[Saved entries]
*-*-*
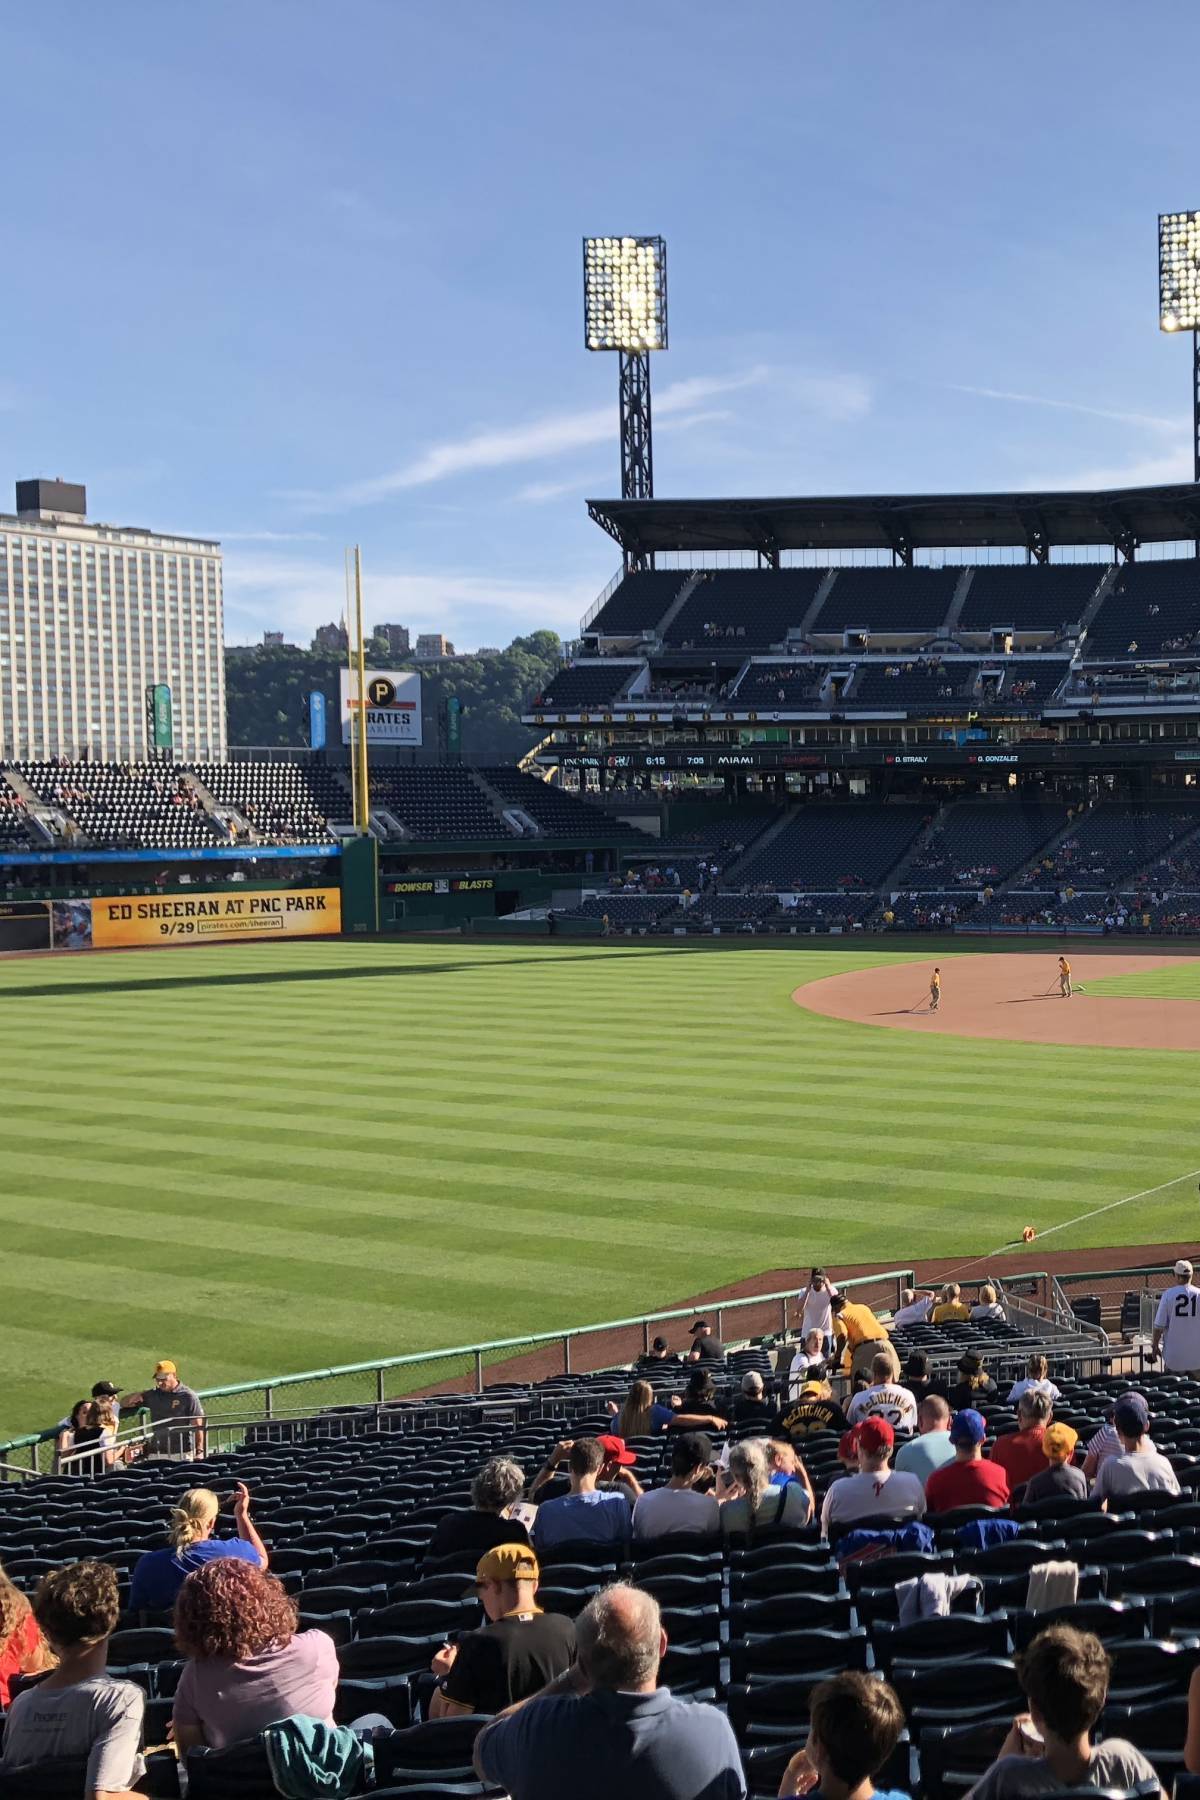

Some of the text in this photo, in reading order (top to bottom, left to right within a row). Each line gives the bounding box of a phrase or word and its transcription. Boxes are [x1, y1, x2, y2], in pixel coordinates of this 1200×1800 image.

[352, 712, 411, 725] PRATES
[646, 756, 666, 765] 6:15
[717, 756, 754, 764] MIAMI
[394, 882, 433, 893] BOWSER
[458, 879, 494, 890] BLASTS
[108, 895, 327, 921] ED SHEERAN AT PNC PARK
[160, 918, 281, 936] 9/29 pirates.com/sheeran
[1175, 1293, 1197, 1317] 21
*-*-*
▸ What is expected:
Without the pictures, restate all of the entries word for word.

▸ Problem solution:
Some of the text in this photo, in reading order (top to bottom, left to right within a row). Each line gives the bounding box of a phrase or word and its transcription. Boxes are [x1, y1, x2, y2], in pixel coordinates of this 1200×1800 image.

[352, 712, 411, 725] PRATES
[646, 756, 666, 765] 6:15
[717, 756, 754, 764] MIAMI
[394, 882, 433, 893] BOWSER
[458, 879, 494, 890] BLASTS
[108, 895, 327, 921] ED SHEERAN AT PNC PARK
[160, 918, 281, 936] 9/29 pirates.com/sheeran
[1175, 1293, 1197, 1317] 21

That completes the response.